Dr. Akiko Iwasaki understands how persistence and reliance on a sound strategy can pay off years or even decades later.
As one of the world’s foremost experts on SARS-CoV-2, the rapidly mutating virus driving the COVID-19 pandemic, Dr. Iwasaki is now leading efforts to create a nasal spray vaccine that generates an effective immune response at the location in which the airborne virus typically enters the body. But this technique, which promises to help tamp down the current crisis and prepare for the next one, did not appear in a flash or by accident. It evolved from deliberate progress based on work first sponsored by Women’s Health Research at Yale almost two decades ago.
“That work has given birth to many developments, including this one,” Iwasaki said. “This has been the core hypothesis we have been pursuing over the decades.”
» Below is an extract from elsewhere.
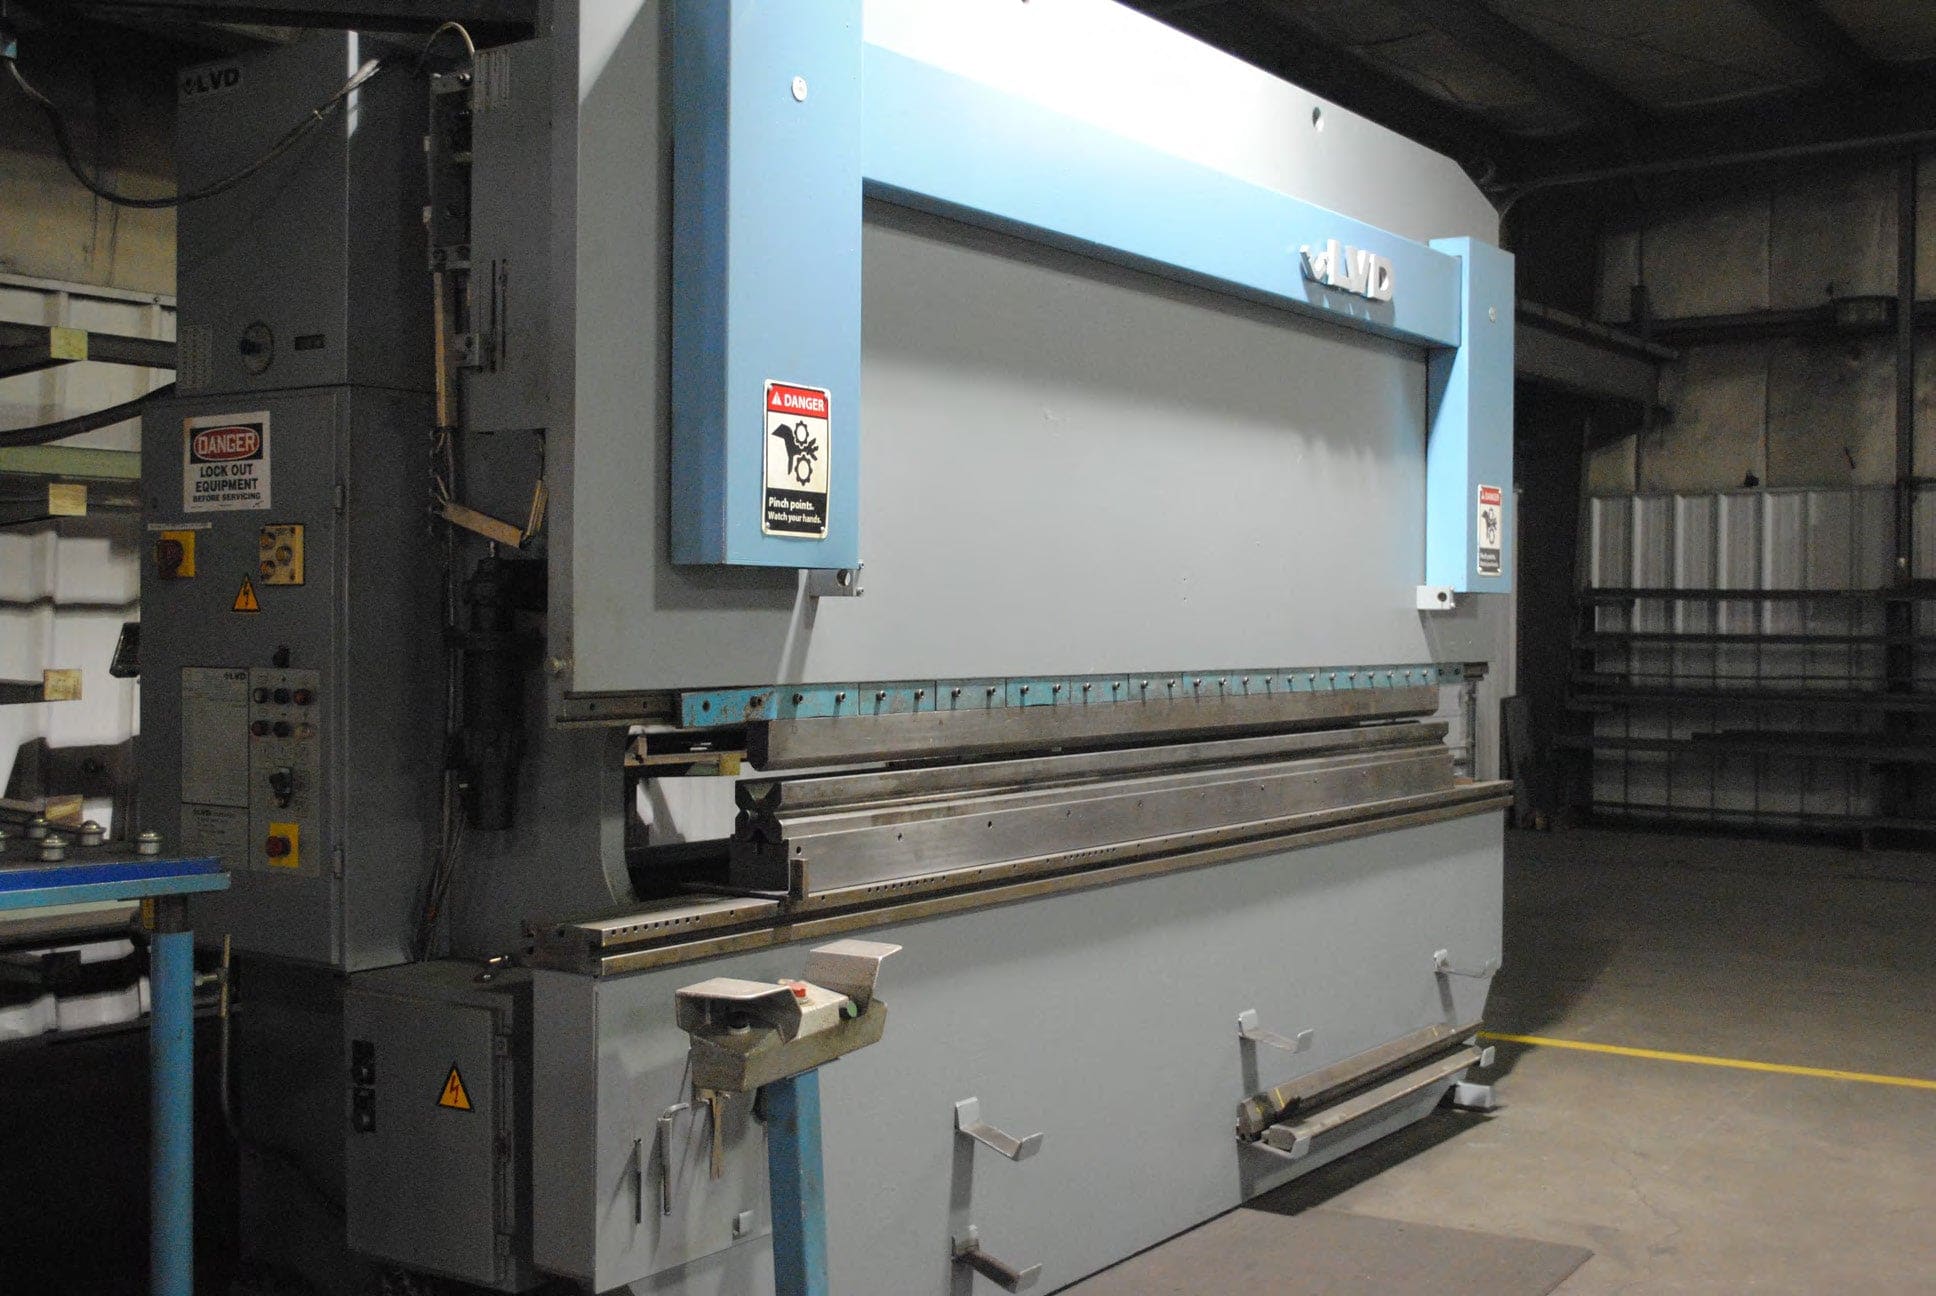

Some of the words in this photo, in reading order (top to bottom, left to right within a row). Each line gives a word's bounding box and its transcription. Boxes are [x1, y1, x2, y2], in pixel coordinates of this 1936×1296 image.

Women’s Health Research at Yale awarded funding to Dr. Iwasaki in 2003 and then again in 2013 to develop her “prime and pull” strategy for treating sexually transmitted infections (STIs) at the mucosal site of infection. This method stimulates the body’s immune response and draws disease-fighting cells to the tissues at the location of the infection, where they can provide long-term protection that overcomes a virus’ propensity for mutating to avoid detection. Her team continues to advance the STI-fighting strategy based on this method toward a clinical trial and human application, even as much of their attention has shifted toward the current health crisis.